The trajectory of China's AI strategy reveals a nation that has moved from aspirational planning to substantive execution faster than most observers anticipated. The 2017 plan's core industry target of one trillion yuan by 2030 was exceeded five years early. DeepSeek demonstrated that algorithmic innovation can partially compensate for hardware constraints, though the compute gap remains a binding limitation on China's ability to deploy AI at scale. The regulatory framework, while more developed than any other country's targeted AI governance regime, has not yet coalesced into a comprehensive law, and the tension between promoting innovation and maintaining political control continues to shape policy choices.
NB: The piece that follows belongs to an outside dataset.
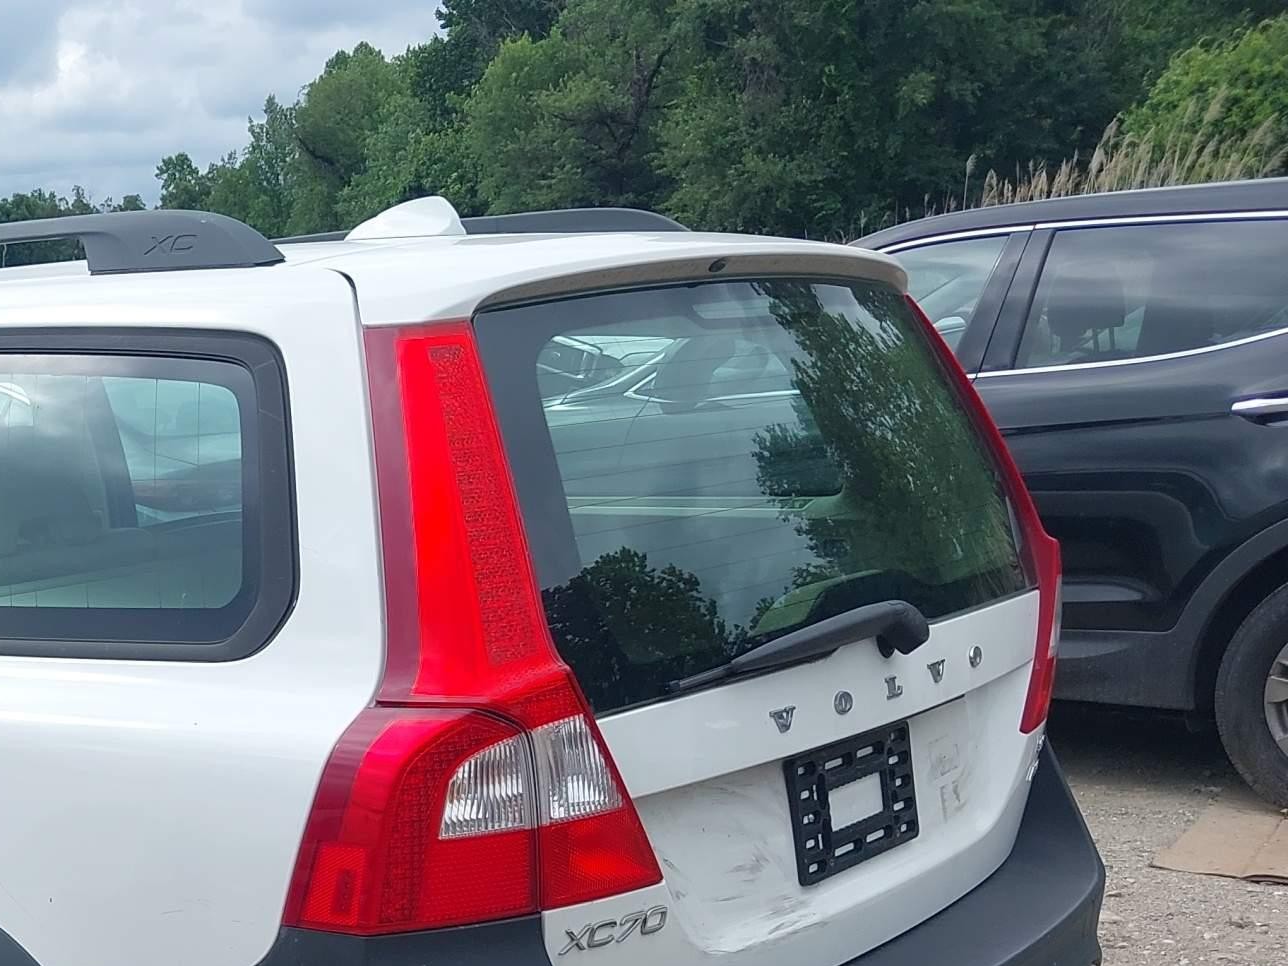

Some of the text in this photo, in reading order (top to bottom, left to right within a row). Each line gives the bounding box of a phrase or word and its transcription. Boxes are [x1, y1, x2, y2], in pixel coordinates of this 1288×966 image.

US export controls have imposed genuine costs but have also catalyzed domestic innovation and deepened China's resolve to achieve self-sufficiency in critical technologies. The competitive landscape is neither a simple race with a clear leader nor a symmetrical contest: the United States retains decisive advantages in compute infrastructure, private investment, and frontier model development, while China increasingly leads in industrial AI deployment, open-source model proliferation, patent filings, and state-directed resource mobilization. What is clear is that the era in which AI leadership could be assessed through a single metric or attributed to a single country is over, replaced by a more complex and consequential competition across multiple dimensions of technology, governance, economics, and geopolitical influence.